SUPPLIED DATA Start Marker

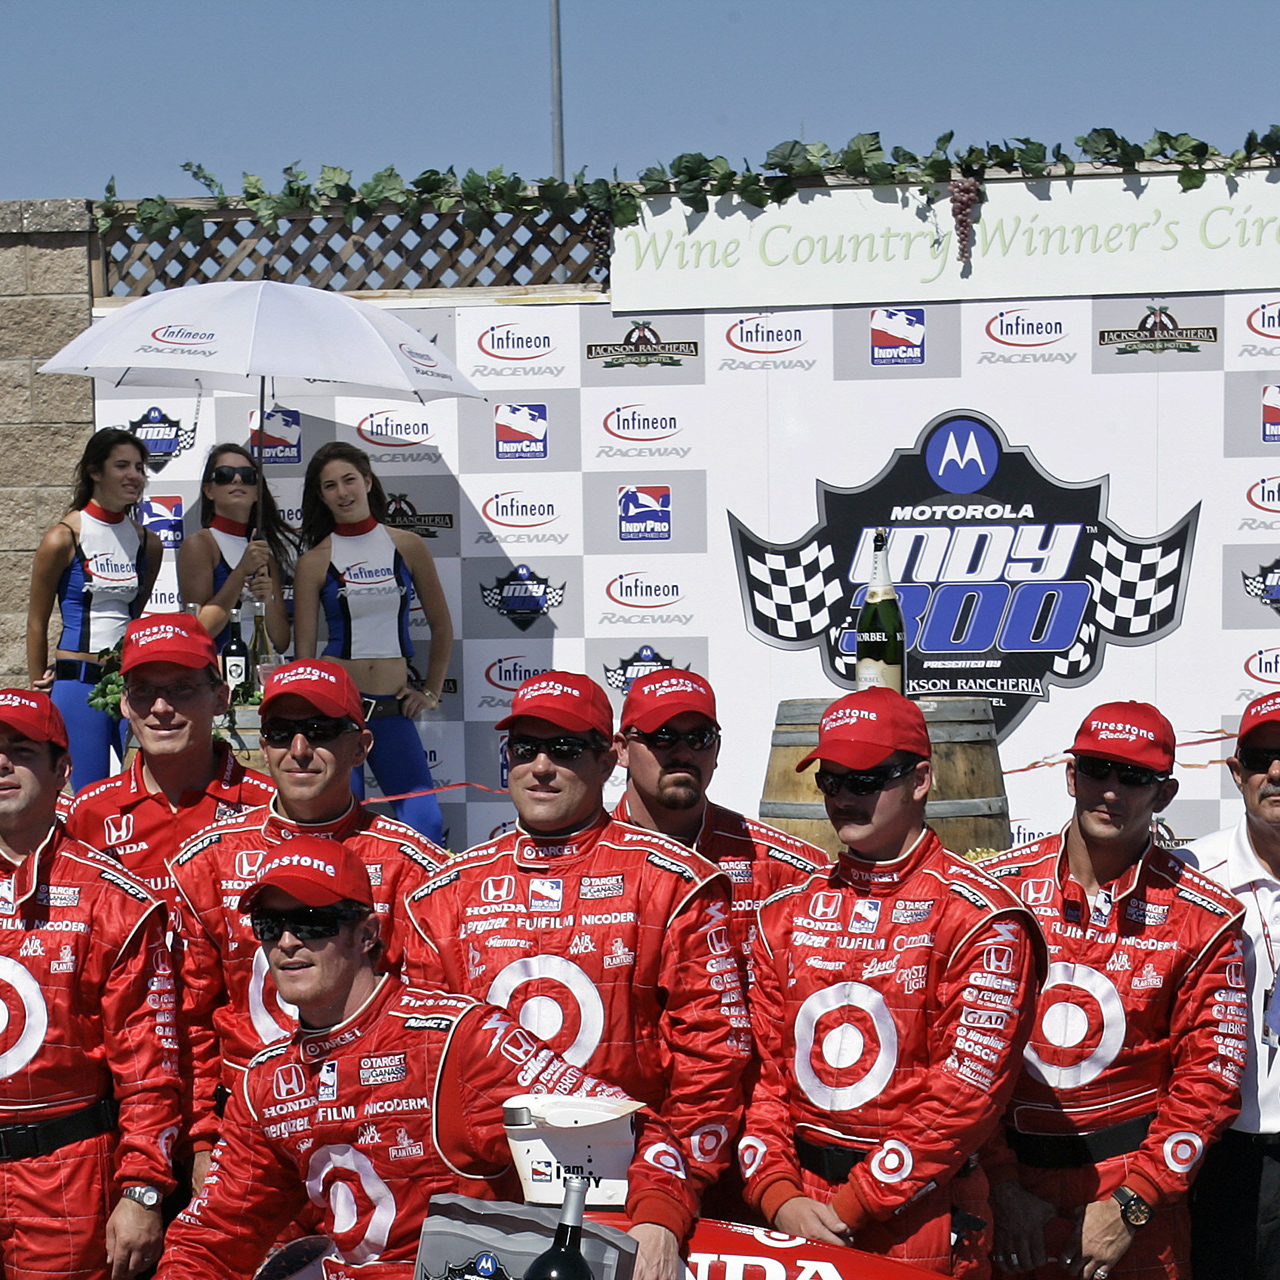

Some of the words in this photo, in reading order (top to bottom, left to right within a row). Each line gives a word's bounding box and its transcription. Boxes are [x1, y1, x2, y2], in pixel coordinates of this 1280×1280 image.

[625, 230, 741, 272] Wine
[759, 224, 955, 284] Country
[975, 208, 1180, 256] Winner's
[738, 316, 802, 341] Infineon
[998, 310, 1062, 335] Infineon
[161, 325, 215, 342] Infineon
[490, 326, 551, 350] Infineon
[135, 345, 218, 358] RACEWAY
[587, 343, 629, 358] JACKSON
[633, 341, 698, 357] RANCHERIA
[718, 358, 816, 372] RACEWAY
[977, 352, 1077, 365] RACEWAY
[470, 365, 565, 378] RACEWAY
[890, 504, 1035, 521] MOTOROLA
[848, 524, 1083, 582] INDY
[349, 560, 393, 581] Infineon
[923, 659, 981, 669] PRESENTED
[984, 659, 1001, 668] BY
[957, 678, 1042, 692] RANCHERIA
[1090, 720, 1155, 742] Firestone
[256, 854, 337, 879] Firestone
[649, 853, 692, 879] IMPACT
[590, 876, 623, 885] TARGET
[466, 903, 527, 916] HONDA
[966, 1011, 1004, 1025] GLAD
[968, 1030, 1006, 1050] Havoline
[955, 1037, 1000, 1062] BOSCH
[371, 1054, 404, 1069] TARGET
[262, 1095, 319, 1118] HONDA
[363, 1097, 428, 1115] NICODERM

SUPPLIED DATA End Marker

YOUR GOAL =
The data above must be given back verbatim, minus its images.

RESULT FOR THIS EXERCISE =
Some of the words in this photo, in reading order (top to bottom, left to right within a row). Each line gives a word's bounding box and its transcription. Boxes are [x1, y1, x2, y2], in pixel coordinates of this 1280×1280 image.

[625, 230, 741, 272] Wine
[759, 224, 955, 284] Country
[975, 208, 1180, 256] Winner's
[738, 316, 802, 341] Infineon
[998, 310, 1062, 335] Infineon
[161, 325, 215, 342] Infineon
[490, 326, 551, 350] Infineon
[135, 345, 218, 358] RACEWAY
[587, 343, 629, 358] JACKSON
[633, 341, 698, 357] RANCHERIA
[718, 358, 816, 372] RACEWAY
[977, 352, 1077, 365] RACEWAY
[470, 365, 565, 378] RACEWAY
[890, 504, 1035, 521] MOTOROLA
[848, 524, 1083, 582] INDY
[349, 560, 393, 581] Infineon
[923, 659, 981, 669] PRESENTED
[984, 659, 1001, 668] BY
[957, 678, 1042, 692] RANCHERIA
[1090, 720, 1155, 742] Firestone
[256, 854, 337, 879] Firestone
[649, 853, 692, 879] IMPACT
[590, 876, 623, 885] TARGET
[466, 903, 527, 916] HONDA
[966, 1011, 1004, 1025] GLAD
[968, 1030, 1006, 1050] Havoline
[955, 1037, 1000, 1062] BOSCH
[371, 1054, 404, 1069] TARGET
[262, 1095, 319, 1118] HONDA
[363, 1097, 428, 1115] NICODERM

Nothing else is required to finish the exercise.